Following the first amendment to the Korean Commercial Code (the “KCC”), which took effect on July 22, 2025, the second amendment bill to the KCC passed the National Assembly’s plenary session on August 25, 2025. This bill was promulgated on September 9, 2025, and pursuant to the relevant supplementary provisions, is scheduled to take effect on September 10, 2026, one year after promulgation. Meanwhile, the National Assembly, led by the Democratic Party of Korea, is preparing a third amendment to the KCC. This amendment is expected to introduce mandatory treasury stock cancellations, which is expected to lead to significant changes to the operation of listed companies’ general shareholders’ meetings, boards of directors, audit committees and overall corporate governance policies. Companies are advised to prepare strategic responses to these regulatory developments.
 

1.

Highlights and Practical Considerations of September 9, 2025 Amendment to KCC
 

(1)

Introduction of Mandatory Cumulative Voting for Large Listed Companies

Prior to the amendment, the KCC provided that shareholders holding 3% or more of the total issued shares – or, in the case of a listed company with total assets amounting to KRW 2 trillion or more (a “large listed company”), shareholders holding at least 1% or more of the total issued shares – could request that directors be elected through means of cumulative voting, unless otherwise stipulated in the articles of incorporation. However, since companies could opt out of cumulative voting through their articles of incorporation, as of June 30, 2025, only 21 out of 264 large listed companies (i.e., 8% of the total number) subject to corporate governance report submission had adopted cumulative voting, with the majority including provisions to exclude the cumulative voting system (for more information, please refer to the Korea Institute of Corporate Governance and Sustainability’s report (available in Korean, Link)).

The second amendment to the KCC prohibits large listed companies from excluding cumulative voting in their articles of incorporation and also revises rules in connection with related administrative fines. This mandatory cumulative voting requirement will apply from the first general meeting of shareholders convened for the election of directors after the amendment takes effect.

The supplementary provisions to the second amendment do not address the validity of existing provisions in articles of incorporation that exclude cumulative voting. However, the new cumulative voting requirements are likely to be considered mandatory provisions under the KCC. According to precedents, provisions in articles of incorporation that contradict such “mandatory legal provisions” are void (see Seoul Central District Court Decision 2006Gahap98304, rendered on July 24, 2008, etc.). Therefore, large listed companies that previously excluded cumulative voting in their articles of incorporation will be required to implement the cumulative voting system once the second amendment to the KCC takes effect.

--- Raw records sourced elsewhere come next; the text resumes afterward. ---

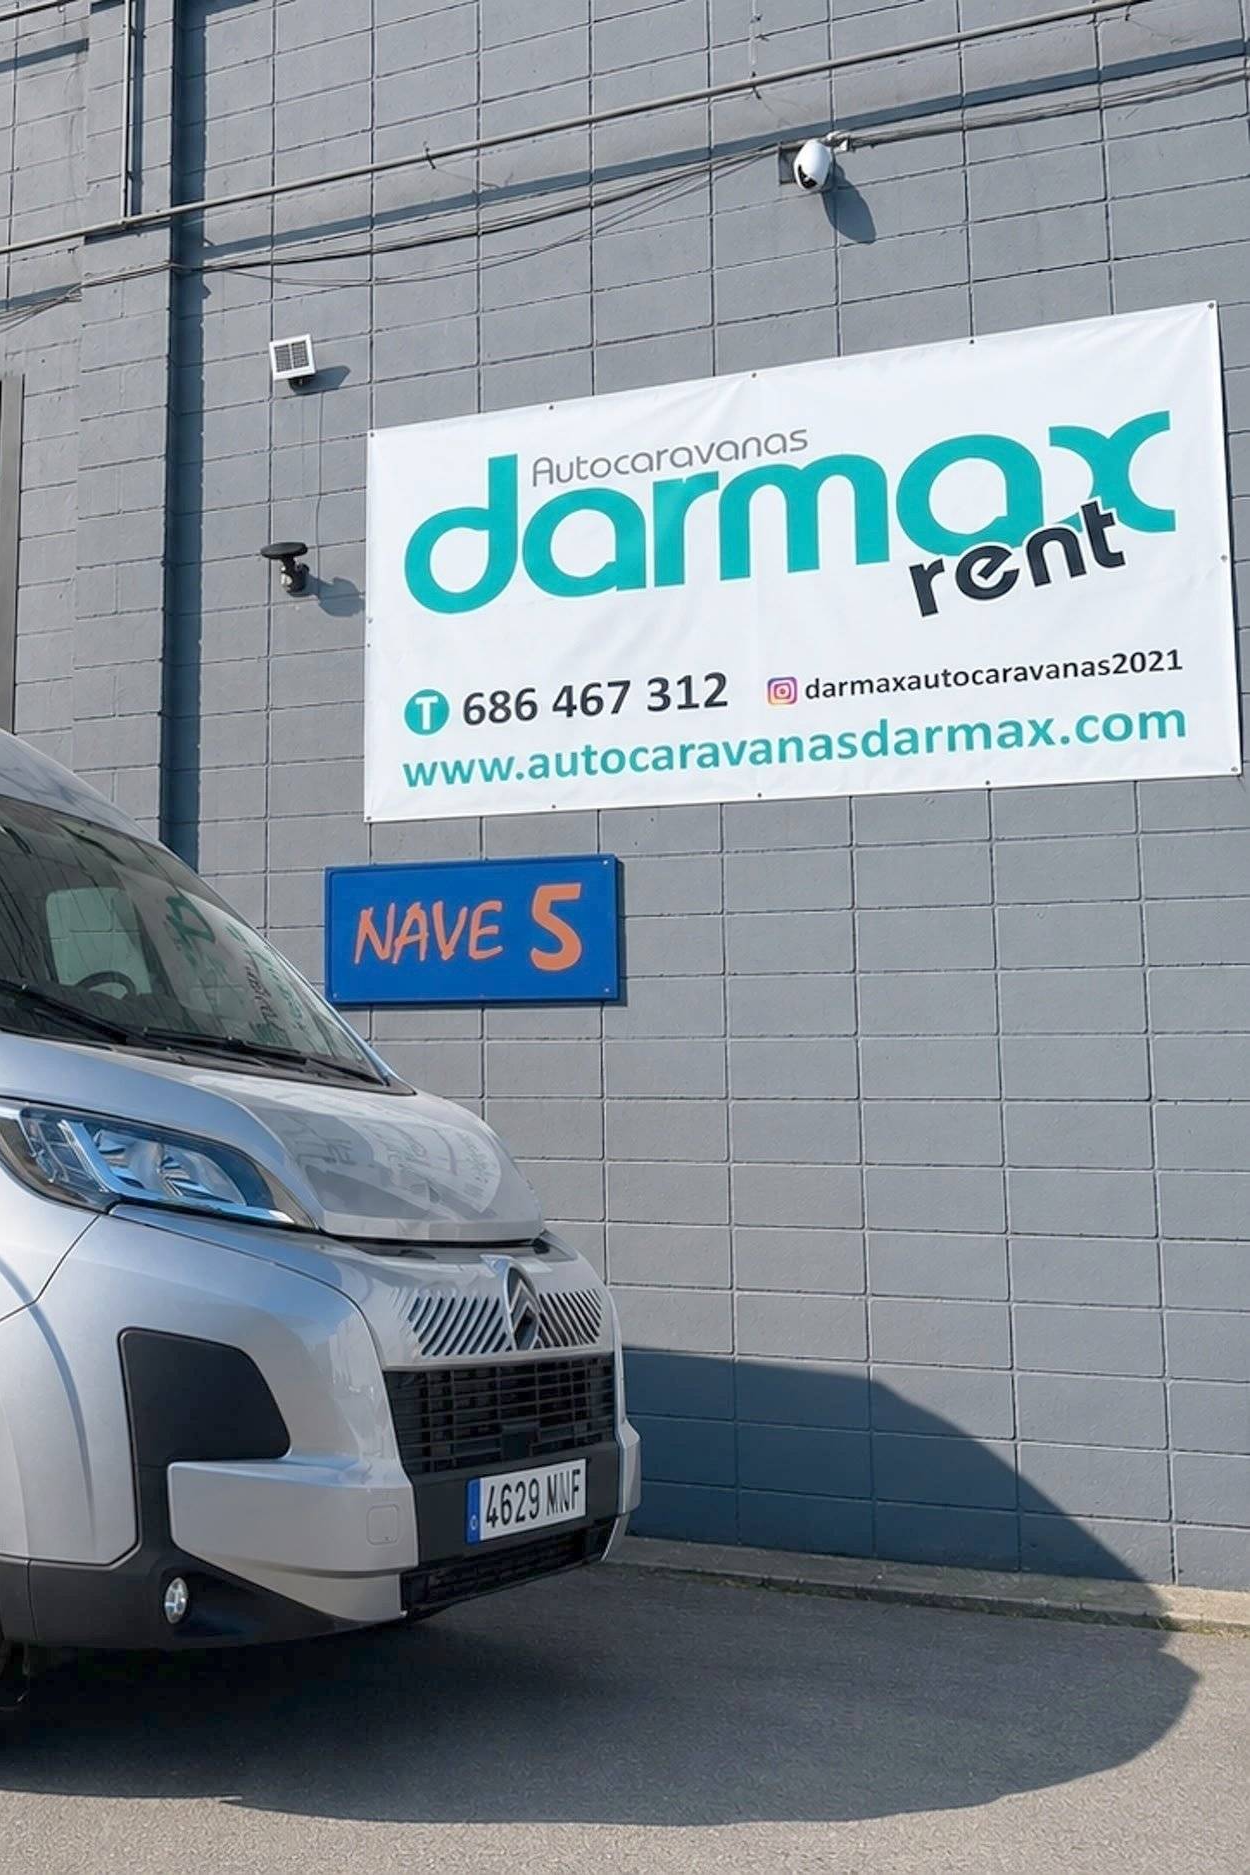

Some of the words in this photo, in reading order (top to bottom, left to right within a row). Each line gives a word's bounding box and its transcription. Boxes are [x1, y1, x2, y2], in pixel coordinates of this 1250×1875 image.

[532, 426, 809, 488] Autocaravanas
[404, 410, 1176, 615] darmax
[908, 501, 1126, 617] rent
[463, 687, 538, 726] 686
[552, 680, 631, 719] 467
[647, 672, 729, 712] 312
[805, 649, 1184, 701] darmaxautocaravanas2021
[403, 708, 1186, 787] www.autocaravanasdarmax.com
[354, 900, 503, 964] NAVE
[530, 882, 582, 972] 5
[486, 1478, 540, 1528] 4629
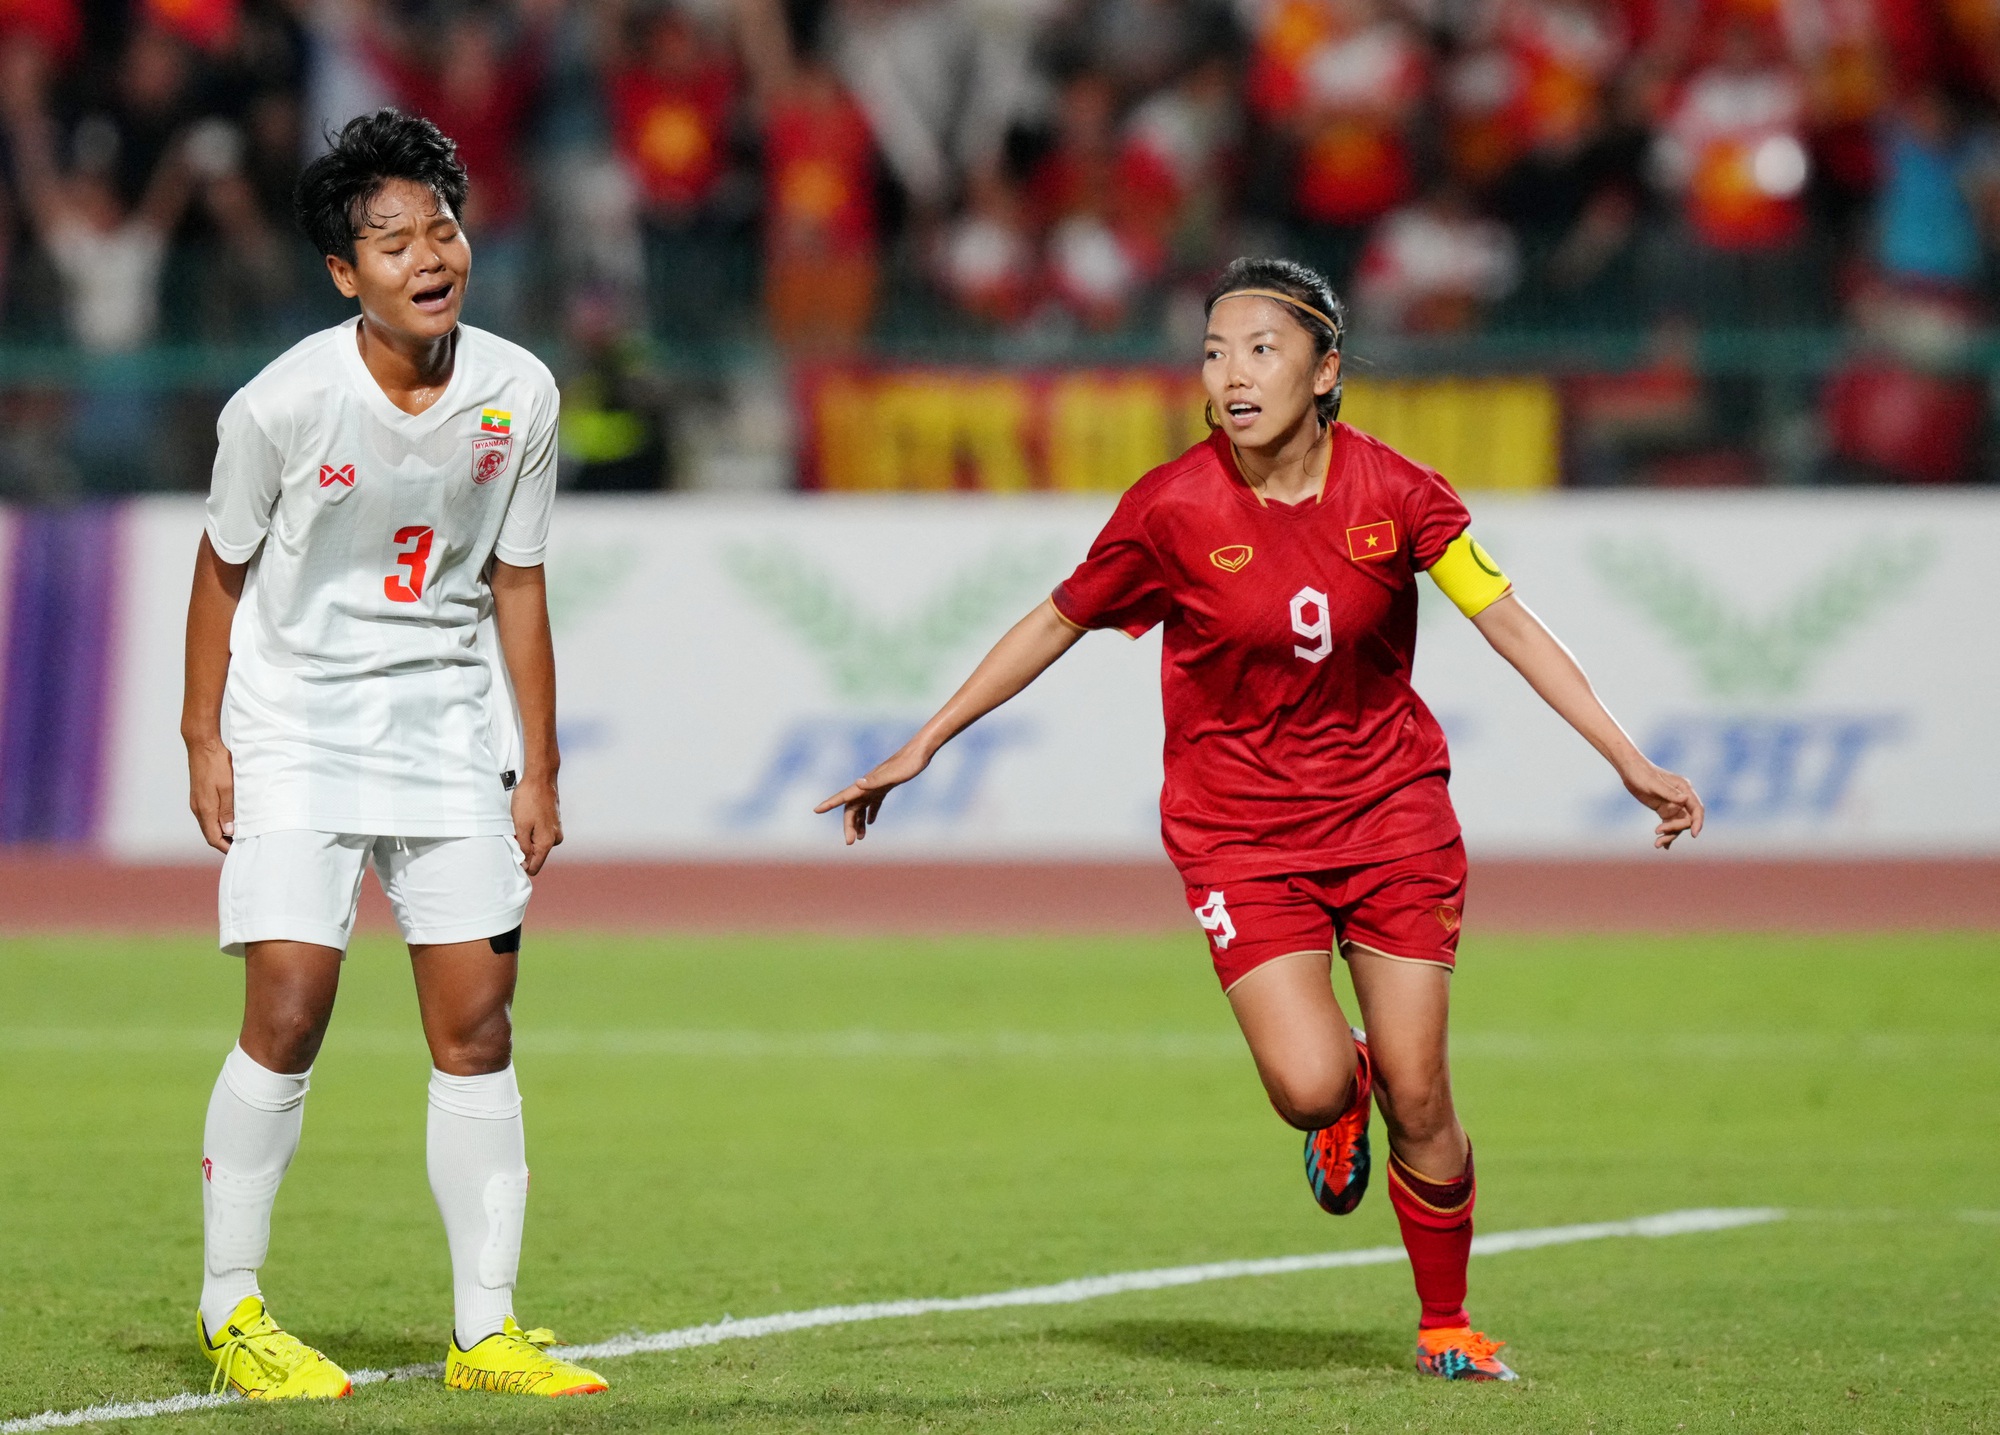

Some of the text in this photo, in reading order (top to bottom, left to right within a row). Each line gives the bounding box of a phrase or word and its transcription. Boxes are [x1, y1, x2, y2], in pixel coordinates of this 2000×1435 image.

Under the amended KCC, minority shareholders and activist funds are expected to make use of the cumulative voting procedure to participate more actively in company management. In addition, as further explained in part (2) below, it is also anticipated that there will be cases where requests would be made by shareholders for multiple audit committee members subject to separate election to be elected through cumulative voting. Given these developments, large listed companies should carefully follow legal changes and the actions of key stakeholders. It would also be advisable to review and, if necessary, amend the articles of incorporation – particularly provisions concerning the number and terms of directors. Companies should also reexamine their board governance structures and decision-making processes to prepare for potential shifts in board composition. Furthermore, establishing regular communication channels and providing transparent information can help strengthen trust and foster constructive relationships with minority shareholders.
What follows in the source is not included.